Fear and Justice in America

It’s easy to forget the first time I realized I had to go five blocks out of my way to continue going east on F St. NW when I hit 17th St because of the 4 by 8 block area closed off around the White House. DC is a confusing enough of a place to drive for the unintiated, with the diagonal avenues intersecting the grid at small, medium, and gigantic circles around the city. Add on top of that the variable directionality on Rock Creek Parkway and the whole 4 by 8 block area surrounding the White House and the northwest quadrant of the city starts to seem pretty difficult to navigate.

That was the situation I imagine when I think about Miriam Carey, the woman who was tragically gunned down inside her car while attempting to drive through our city with her 13-month-old daughter in a car seat last October. On the heels of a deadly shooting at Navy Yard, and not long after the Boston Marathon Bombings, it was a scary incident, but one that had a pretty short life in the Washington news cycle. The Washington
Post
revisited the incident about a year later, looking into what the official investigation tells us, and what might have been missed, overstated, or simply ignored. The first thing we learn reading the story is that the whole incident started when a tourist from Connecticuit “drove up to the Secret Service kiosk at 15th and E streets NW,” a vantage from which you cannot even see the White House. Instead of stopping as ordered by the Secret Service police, she made “a U-turn and [attempted] to drive back into the public space.”

The first question I had when I read that was “isn’t leave what we’re supposed to do when we get to a security checkpoint we’re not supposed to be at?” The Post confirmed that answer is yes: you only commit a crime if you stay. Would I have stopped and rolled down my window? Maybe. But maybe I would have done exactly what Miriam did, realized I was somewhere I wasn’t supposed to be and leave.

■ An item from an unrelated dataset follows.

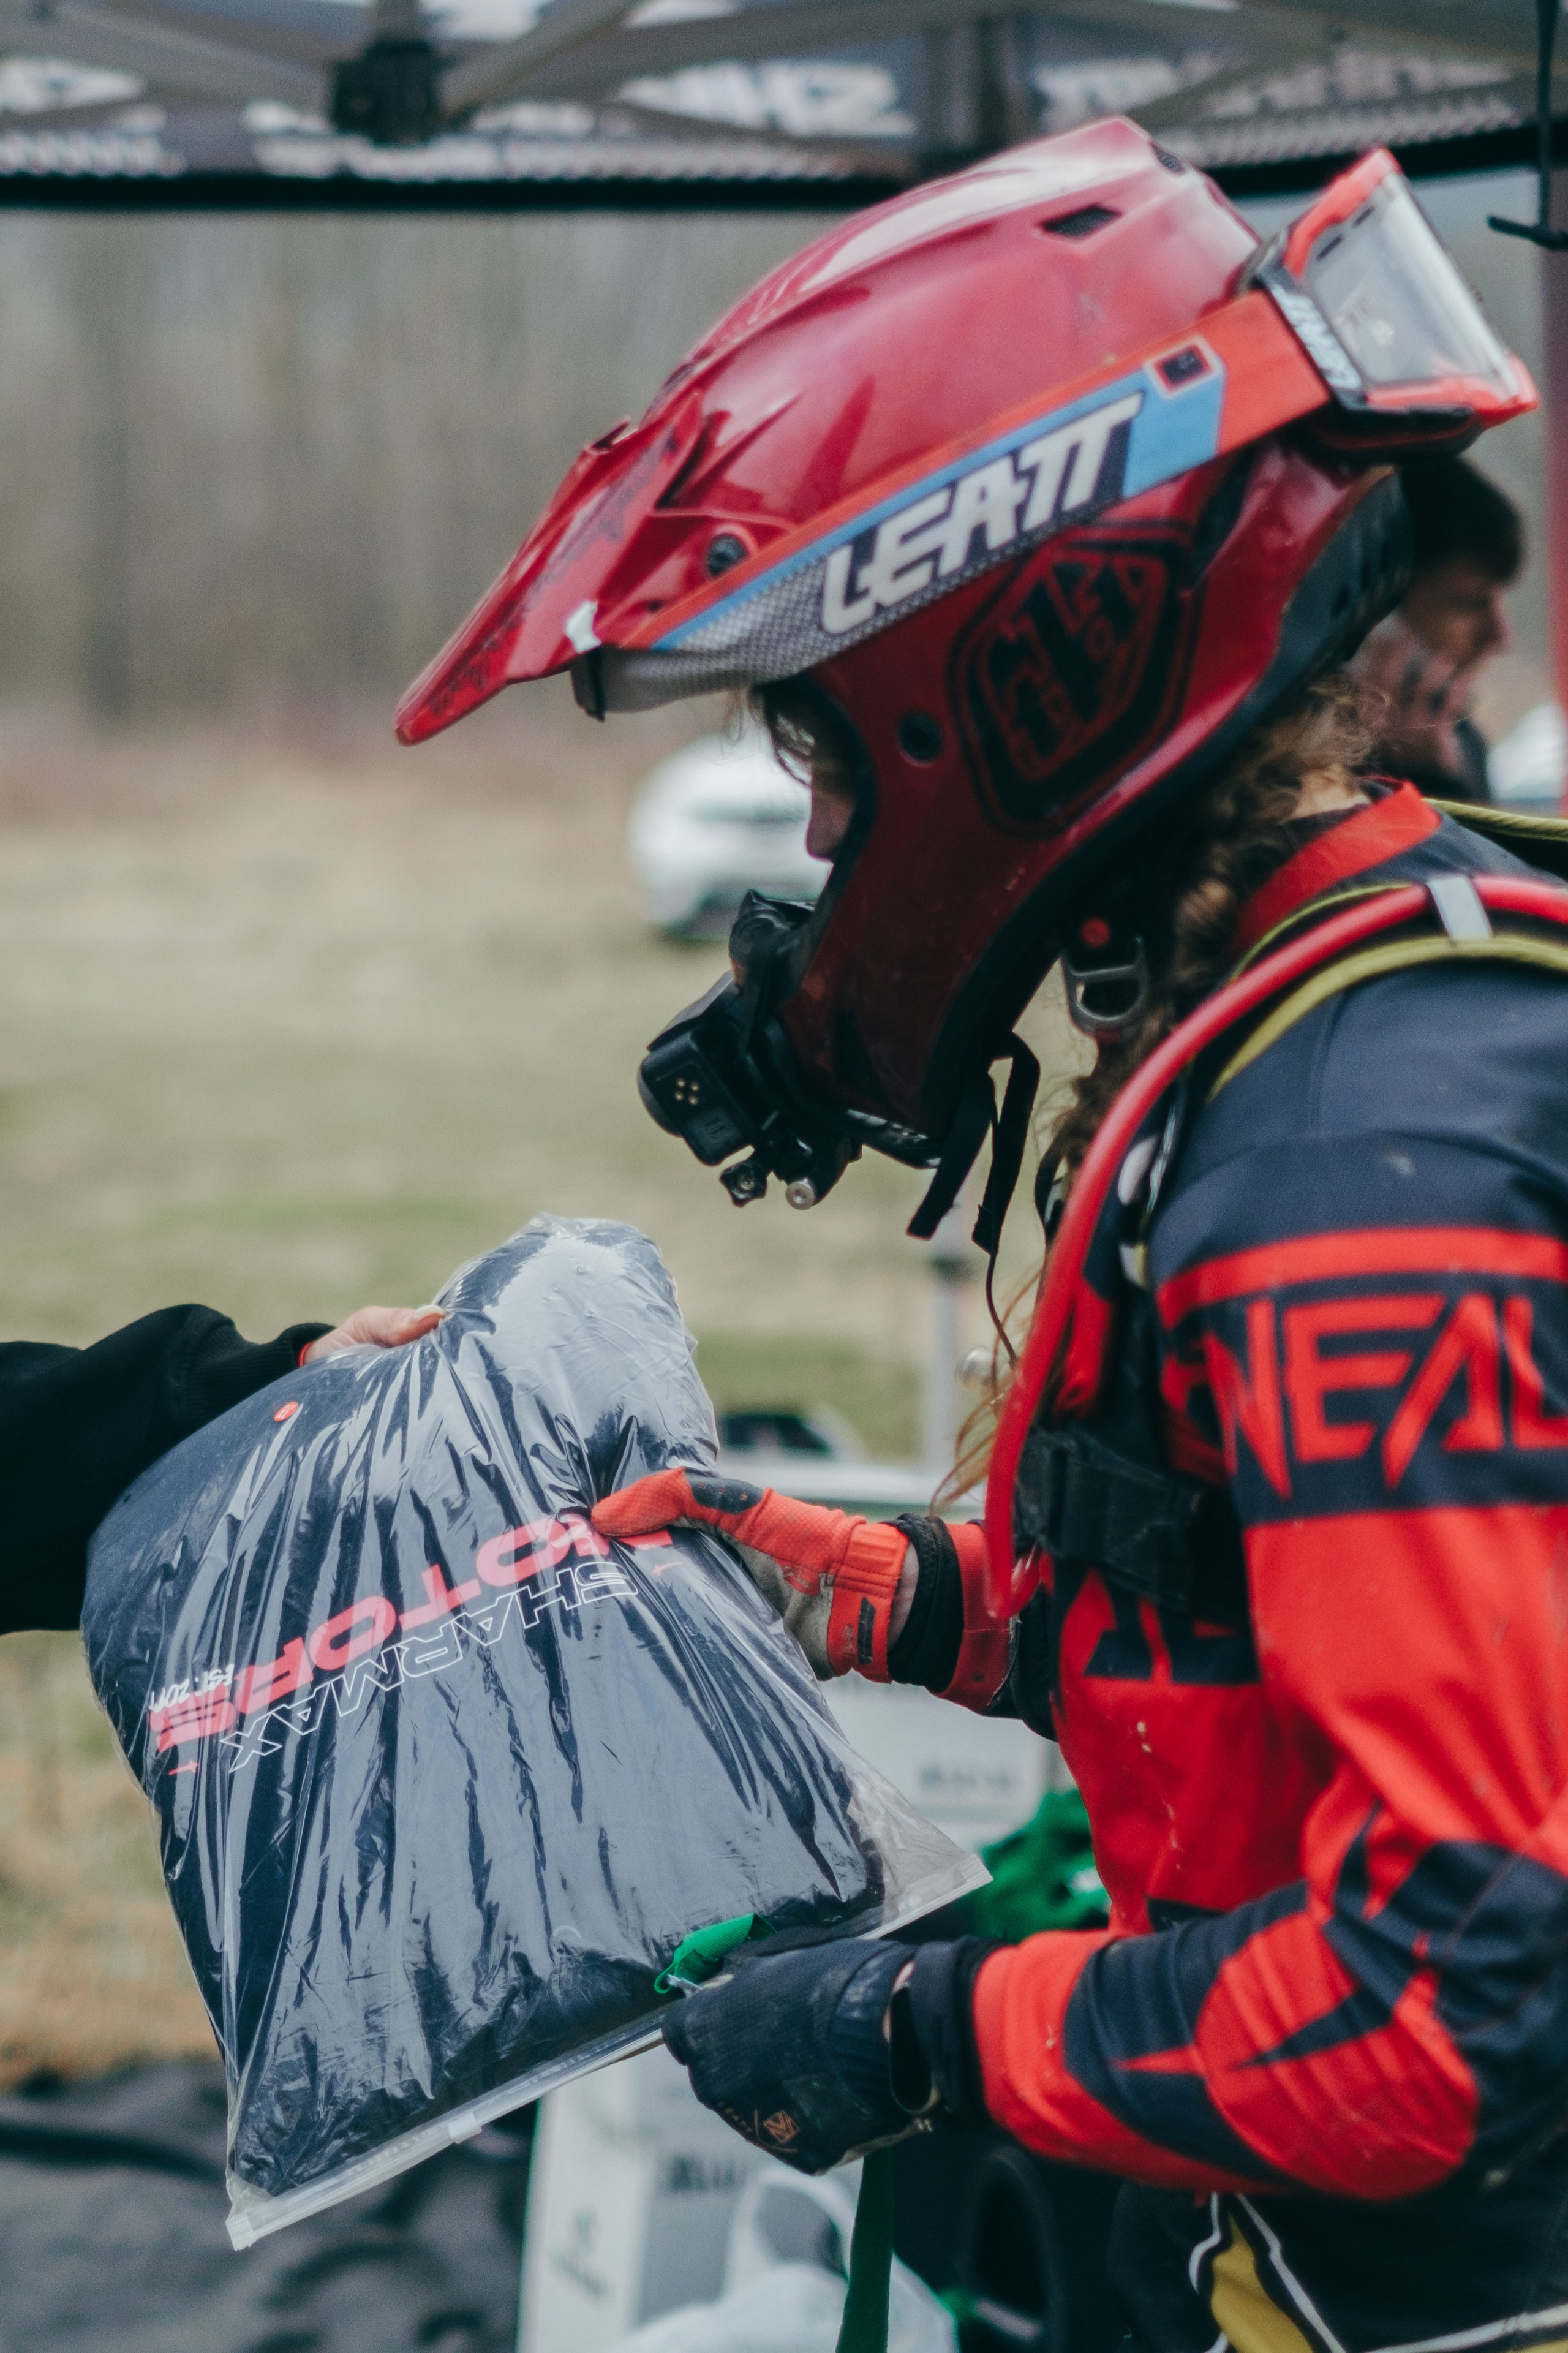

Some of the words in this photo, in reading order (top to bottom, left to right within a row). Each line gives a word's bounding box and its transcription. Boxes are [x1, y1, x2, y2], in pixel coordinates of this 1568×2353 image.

To be sure, Carey did some odd things after the Secret Service and Capitol
Police began chasing her. Why didn’t she pull over her car? Why did she back up when there were police with guns drawn standing over her car? Maybe it’s because she was a maniacal criminal, but maybe it’s because encounters between black Americans and the police genearlly favor the police.

We’ll never know.

If, instead of starting with the assumption that she was a maniac guilty of
conspiracy to assassinate the President, we assume she was innocent, it becomes pretty easy to imagine Miriam Carey as a woman from out of town, lost in DC and unfortunately learned the hard way that you cannot continue going west on E St. after 15th St. NW. And while I’m no expert on law enforcement, the “hard way” here seems excessive. After the chase down Pennsylvania Avenue she was ultimately shot at 12 times (eight times while her car was moving, which the Post quotes is rare, dangerous, and “only seems to work well in the movies,”) eventually killing her in her car next to her baby.

I’m not saying attempting to drive on the White House grounds isn’t cause for alarm—neither is the Post. Nor am I saying disregarding the instructions of a guard at a security checkpoint isn’t cause for alarm—again, neither is the Post. I’m certainly not saying protection of the president is not a special kind of law enforcement. All those things are true. What the Post does say is that accidentally driving into that restricted area is a misdemeanor, and a fairly common one that again is only committed if you refuse to leave. What I am saying is that it looks like Miriam Carey actually did leave, and quickly, and even if she wasn’t leaving, any crime she committed before being killed certainly wouldn’t be a capital crime during a fair trial before a jury of her peers (see US Constitution, Amendment 6). As the Post put it “Carey did not refuse to leave. She refused to stop leaving.”

Stealing cigarillos from a convenience store in Missouri is also a misdemeanor, as is brandishing a weapon in Ohio (especially if you’re a confused child). At least I’m pretty sure they are (IANAL). While I’m not equating these situations, it is impossible to ignore that these three individuals were killed by people we are supposed to trust to keep us safe before anyone asked them a question for allegedly committing a minor crime.

Is this the society we want? It’s situations like these that make so-called
Castle Laws so terrifying: ordinary people being gunned down out of fear. That we citizens might make a mistake and wind up dead is terrifying. What’s more terrifying is that it seems like when white people make these mistakes sometimes we get away with it (see the accounts of Mathew Goldstein and Kevin Carr in the Post article). We at least get charged with a crime. But when a black person makes a mistake, justice is swift and dealt by the barrel of a gun.

None of this should be news to anyone. Debates about marijuana legalization here in DC and several other places around the country have highlighted the disparities in arrest rates among black and white people. Hopefully the best justice Miriam Carey, Michael Brown, and Tamir Rice, and any other black person killed imprisoned, or mistreated by police officers this year is to incite change. I don’t know what that change looks
like but I know it starts with you and me standing up for injustice wherever we see it. It starts with people who don’t see a problem with unarmed black people being killed by police realizing that black lives matter.